Offenbar gehören der kasachische Präsident Nursultan Nazarbayev und das aserbaidschanische Staatsoberhaupt Ilham Aliyev zum Freundesnetzwerk der damaligen Bundespräsidentin Doris Leuthard, nicht aber etwa der norwegische Ministerpräsident Jens Stoltenberg.

Auf die Frage, wieso denn das so sei, meint UVEK-Pressesprecher Harald Hammel: »Doris Leuthard hat beim Versenden von Neujahrsgrüssen eine persönliche Auswahl vorgenommen”. Auf die direkte Frage, ob denn der EU-Kommissionspräsient nicht zur persönlichen Auswahl von Bundesrätin Leuthard gehört, äussert er sich nicht. Zumindest grüsste Leuthard damals nicht auch noch Muammar al-Gaddafi.

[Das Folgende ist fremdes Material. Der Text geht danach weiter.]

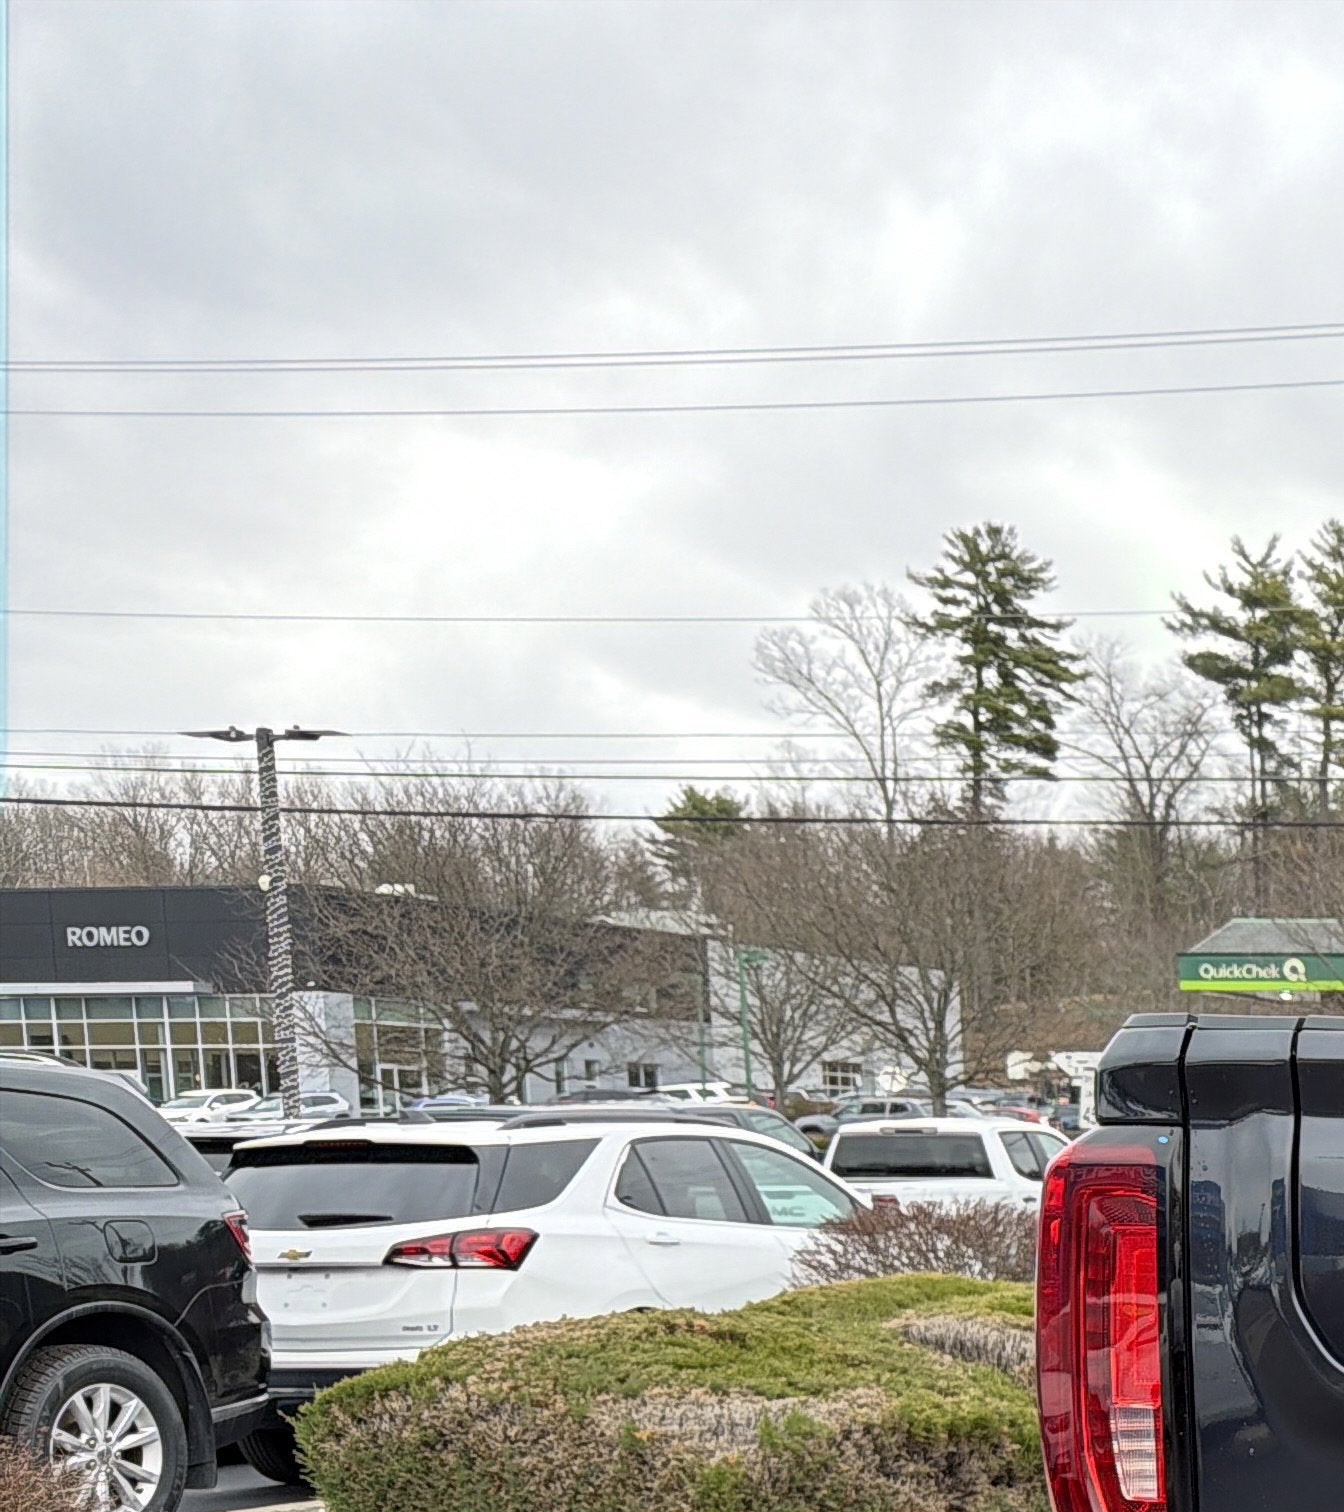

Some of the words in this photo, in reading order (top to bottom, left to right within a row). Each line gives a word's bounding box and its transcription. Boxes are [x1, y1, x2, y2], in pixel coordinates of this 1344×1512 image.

[66, 925, 150, 947] ROMEO
[1199, 962, 1280, 979] QuickChek
[771, 1205, 805, 1217] MC

Die Weihnachtsgruss-Liste wurde vom UVEK übrigens wie ein Staatsgeheimnis behandelt. Auf eine erste Anfrage Ende November 2011 gestützt auf das Öffentlichkeitsgesetz des Bundes antwortete UVEK-Pressesprecher Dominique Bugnon, die Liste könne nicht herausgegeben werden, weil der Schutz der Privatsphäre der betroffenen Personen vorgehe. Auf Rückfrage von Justizblog, weshalb die Privatsphäre von Staatsoberhäuptern und weiteren Politikern, die eine Neujahrskarte von unserer Bundespräsidentin erhalten haben, so schützenswert sei, antwortete Bugnon: »Es ist nicht an uns zu bestimmen, ob politische Persönlichkeiten noch eine Privatsphäre haben, sondern einzig und allein diese zu respektieren”.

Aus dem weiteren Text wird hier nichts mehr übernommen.